Le Père Noël aura-t-il de quoi garnir sa hotte avant les fêtes ? Question d’enfant pour un monde d’adultes déboussolé, alors que les alertes aux pénuries se multiplient à travers la planète. La situation en France n’est certes pas encore comparable à celle du Royaume-Uni, où l’armée a dû être déployée pour assurer le ravitaillement en essence des stations-service, mais elle n’en est pas moins préoccupante : pièces automobiles, jouets, laine, épices, papier, matériaux de chantier, café, sucre ou textile sont aujourd’hui sous tension et pourraient bientôt manquer à l’appel. Ou, dans le meilleur des cas, voir leur prix grimper, comme ceux du gaz, ce qui peut revenir à une pénurie de fait pour les ménages les plus précaires, incapables de suivre l’inflation des biens de consommation courante.
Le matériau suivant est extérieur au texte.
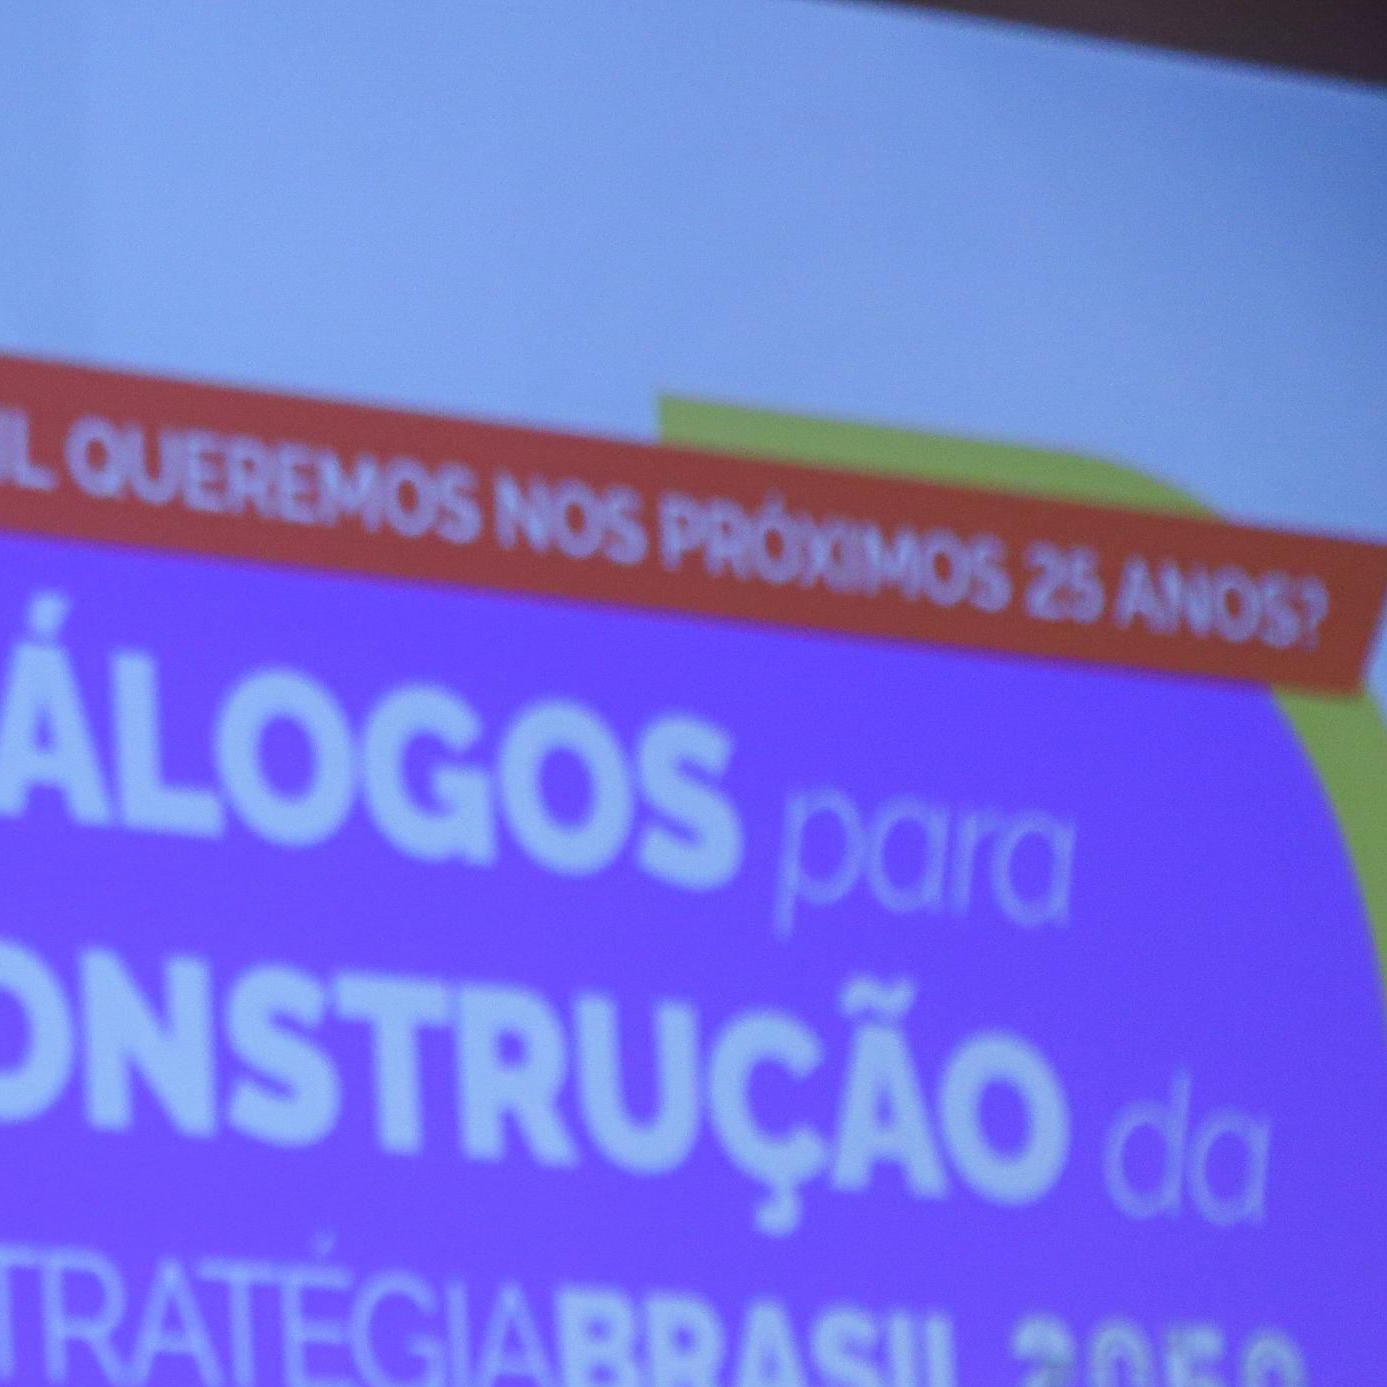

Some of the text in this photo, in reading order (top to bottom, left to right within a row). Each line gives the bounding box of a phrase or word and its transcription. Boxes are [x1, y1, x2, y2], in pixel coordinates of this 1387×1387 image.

Évidemment, il ne faut pas chercher très loin l’origine de ces perturbations. Il aurait été à vrai dire plutôt surprenant que la pandémie qui sévit depuis dix-huit mois n’ait aucune répercussion sur le commerce mondial. Mais le bazar actuel des échanges, présenté dans ce numéro du 1, vient pointer la fragilité de cet édifice complexe, fait de milliers de chaînes de production à flux tendus. Alors que la demande occidentale est repartie très vite et très fort, bien aidée par les plans de soutien des États, les usines asiatiques peinent, elles, à suivre le rythme. Le prix des matières premières – bois, métaux, hydrocarbures… – explose, les chaînes de montage attendent désespérément des semi-conducteurs, et les files d’attente s’allongent dans les ports, où le prix du fret maritime a été multiplié par dix en dix-huit mois. De quoi faire les affaires des armateurs, beaucoup moins celles des consommateurs, en attente de produits plus rares et plus chers.

La situation est si chaotique aujourd’hui qu’elle pourrait durer plusieurs mois encore, sans doute jusqu’à fin 2022, le temps de reconstituer les stocks et d’huiler à nouveau les rouages du système économique global. Reste à savoir s’il s’agit d’un simple trou d’air, d’un hoquet passager de la mondialisation, ou si nous ne faisons qu’entrer dans le temps des pénuries. Certes, personne n’avait vu venir la pandémie de Covid-19. Mais les tensions géopolitiques, elles, sont bien là, avec leur lot d’incertitudes. Quant aux nuages noirs de la catastrophe climatique, ils avancent de façon implacable, et avec eux la promesse d’autres chocs sévères. Il serait utile de s’y préparer, au risque sinon de manquer du bien le plus précieux face au péril qui vient : le temps.